【書評】地下アイドルブームの核心に迫る一冊 ―姫乃たま『職業としての地下アイドル』
#本 #姫乃たま
例えばアイドルに対しての「恋人はいますか?」「平均月収は?」といったやや突っ込んだ質問や、アイドルファンの年齢や地下アイドルのどんなところが楽しいか、とった質問など、その結果により、「地下アイドル業界」といった世界の全体像が見えてくるのだ。それは、その世界に身を置いていた人ですらも曖昧模糊としていた点を、すっきりさせてくれたとも言える。
何よりも興味深いのは、それぞれの結果に対する著者のコメントだ。
一般の研究者というのは、多くの場合、被験者となる人とは別なものだ。青少年の実態を調査する人はだいたい大人だし、地方の人の暮らしを調査するのは東京のリサーチャーだったりする。
もちろん、それには理由がある。調査する側、分析する側が対象自身であった場合、そこに「主観」というフィルターがかかってしまう。真実を見つけ、正しく解説するには、そのフィルターを外さなければならないのだ。
では、姫乃たまの場合はどうか。
地下アイドルのアンケート結果を評する時、彼女の視点は実に冷静で的確だ。それはおそらく、彼女が地下アイドルであるとともに、ライターという仕事をしていることが大きいだろう。自分の中にある、感情や経験を客観的に見つめ文章にする、その類まれなる才能によってこそ、この本は成り立っている。

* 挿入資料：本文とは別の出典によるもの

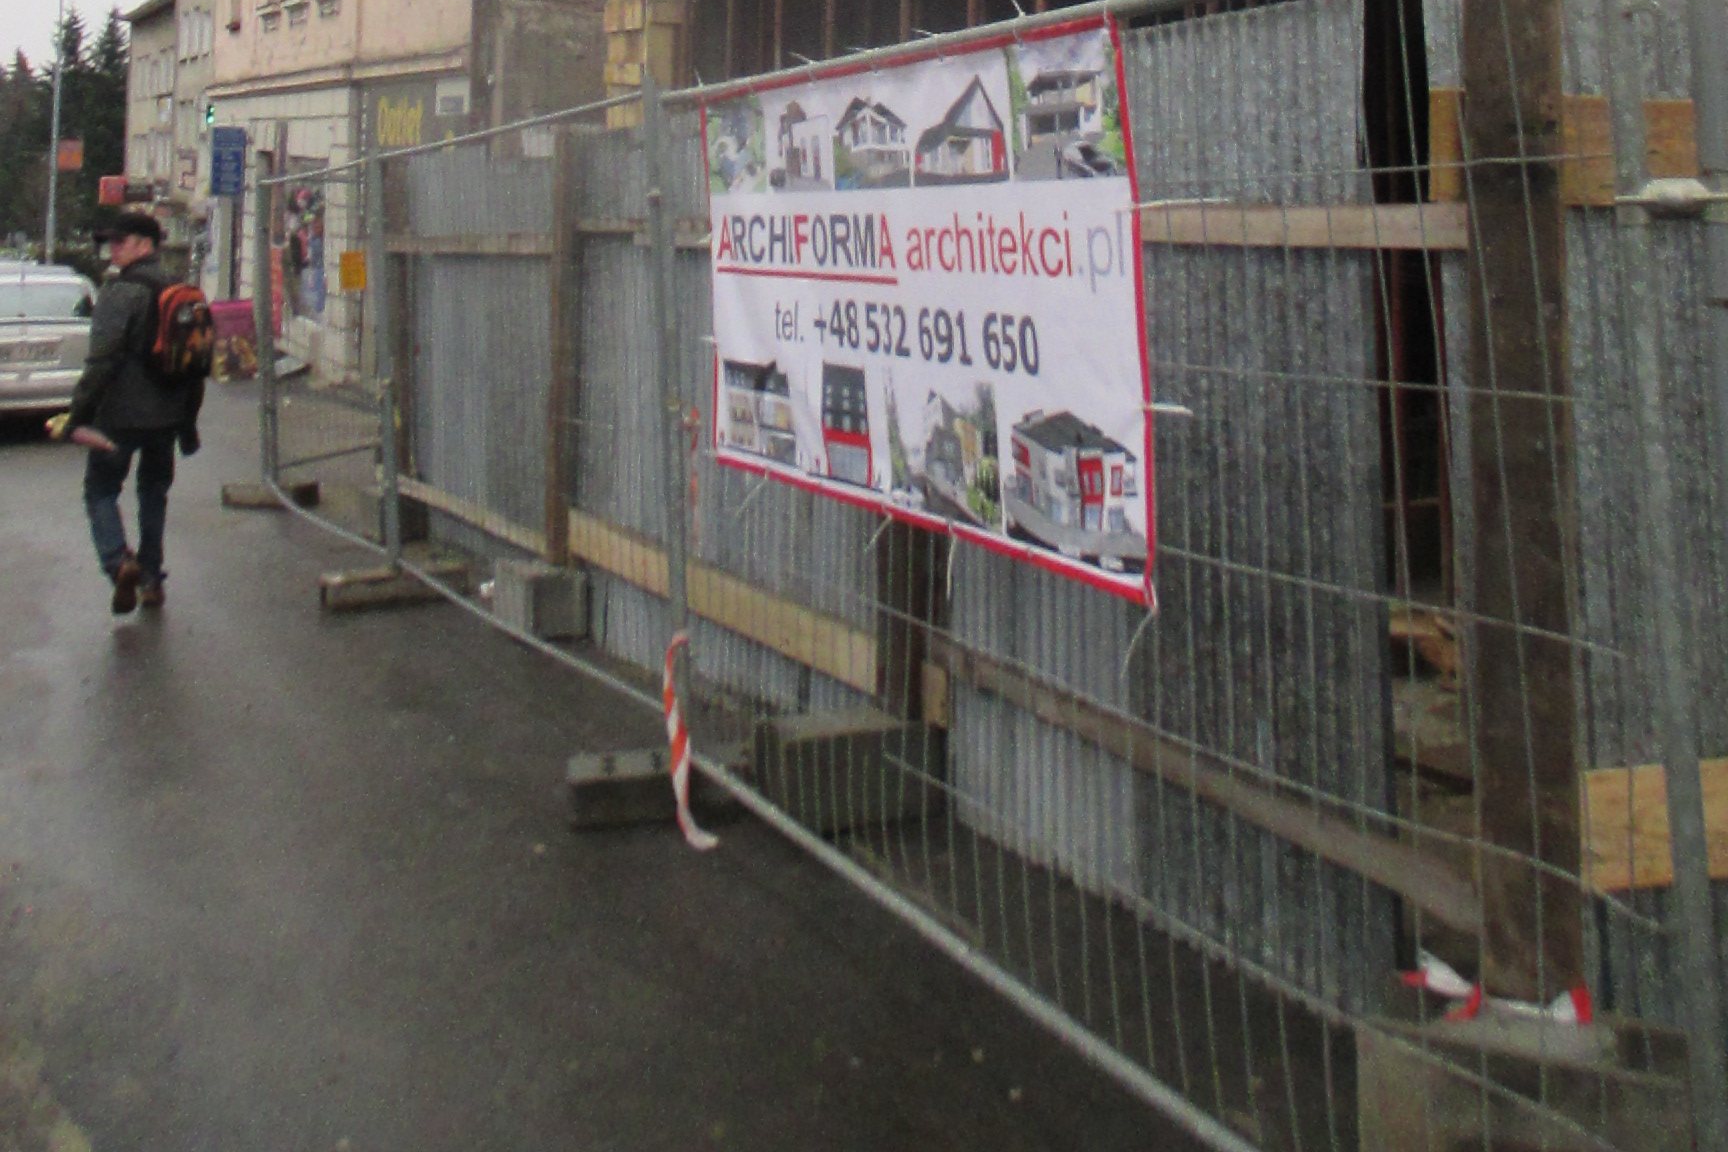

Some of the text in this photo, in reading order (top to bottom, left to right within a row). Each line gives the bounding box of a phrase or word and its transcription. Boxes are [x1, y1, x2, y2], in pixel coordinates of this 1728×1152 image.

[717, 211, 1126, 293] ARCHIFORMA architekci.pl
[775, 299, 1039, 376] tel. +48 532 691 650

アイドル側からの視点と、それを正しく世間の人に伝えるという使命を持ったライターとしての視点。それがうまく書き分けられてていて、真実に近づいていくような感覚が心地よい。
何より、今や空前のアイドルブームといわれる中、その中のいちジャンルである「地下アイドル」にスポットを当てたこの本の意義は大きい。いわゆる「アイドルファン」としてさまざまな思いを抱いてきた私としても、書いてくれたことに対して感謝をしたい気持ちだ。
そして、この本の一番の魅力を言わせてもらうなら、さまざまなデータや実績をもって地下アイドル業界を語る姫乃たまの言葉の向こうに、その世界への限りない愛情やファンへの思いが透けて見えることだ。今までの経験を通し、つまずいたり、倒れたり、たくさんの葛藤もあったと思う。しかし、それらを超えて地下アイドルを続けた果てに見えた景色、それがとても素晴らしいことであったことを、姫乃たまは伝えたいのだろうと思った。
実用書としてこの本を読み、知識欲を満たした後は、ぜひ、姫乃たまの中に内在する、暖かい思いと人に対する愛情を感じ取ってもらいたい。きっと、世界が少しだけ変わって見えるはずである。